Distributional Reinforcement Learning with Quantile Regression
This work addresses the challenge of improving reinforcement learning performance by explicitly handling return distributions, which is an incremental advance over prior distributional methods.
The paper tackles the problem of modeling the full distribution of returns in reinforcement learning, rather than just the mean, by proposing a novel distributional algorithm based on quantile regression. The result is a method that significantly outperforms recent improvements on DQN, including the distributional algorithm C51, on Atari 2600 games.

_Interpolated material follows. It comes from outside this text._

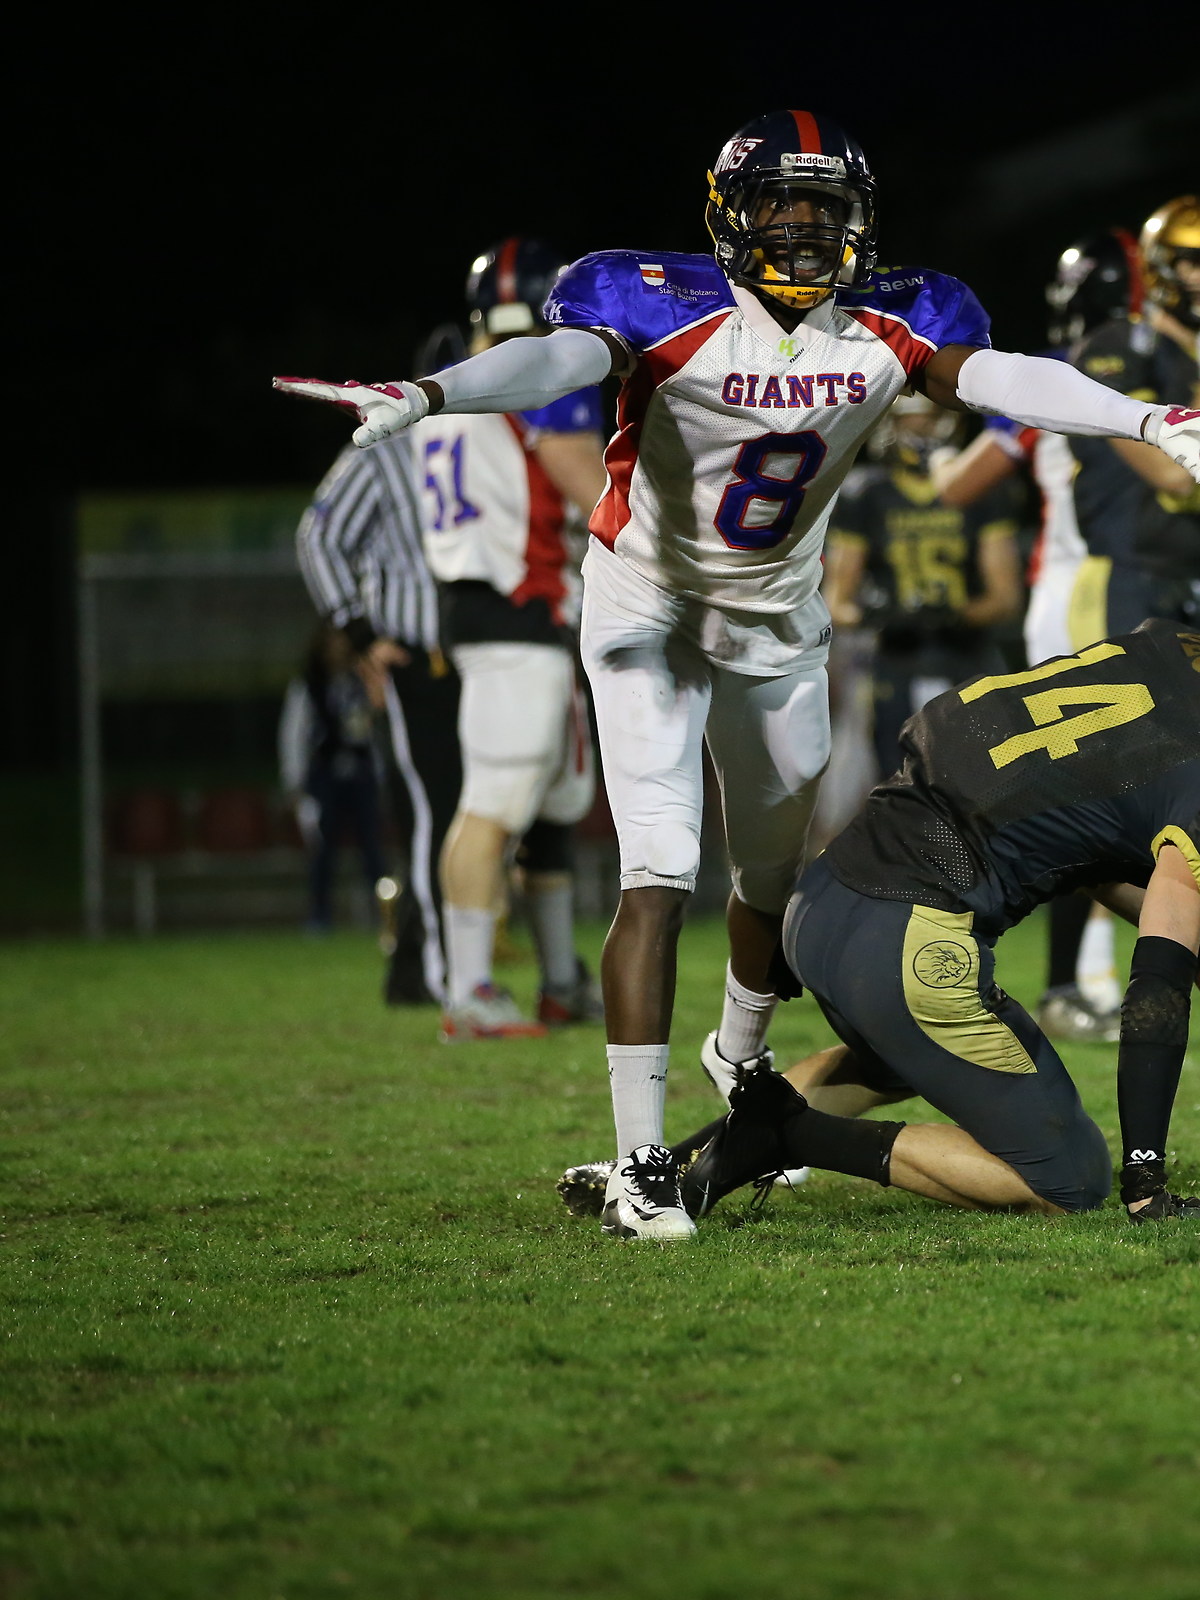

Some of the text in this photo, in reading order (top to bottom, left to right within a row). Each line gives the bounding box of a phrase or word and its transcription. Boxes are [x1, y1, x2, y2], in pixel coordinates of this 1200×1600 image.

In reinforcement learning an agent interacts with the environment by taking actions and observing the next state and reward. When sampled probabilistically, these state transitions, rewards, and actions can all induce randomness in the observed long-term return. Traditionally, reinforcement learning algorithms average over this randomness to estimate the value function. In this paper, we build on recent work advocating a distributional approach to reinforcement learning in which the distribution over returns is modeled explicitly instead of only estimating the mean. That is, we examine methods of learning the value distribution instead of the value function. We give results that close a number of gaps between the theoretical and algorithmic results given by Bellemare, Dabney, and Munos (2017). First, we extend existing results to the approximate distribution setting. Second, we present a novel distributional reinforcement learning algorithm consistent with our theoretical formulation. Finally, we evaluate this new algorithm on the Atari 2600 games, observing that it significantly outperforms many of the recent improvements on DQN, including the related distributional algorithm C51.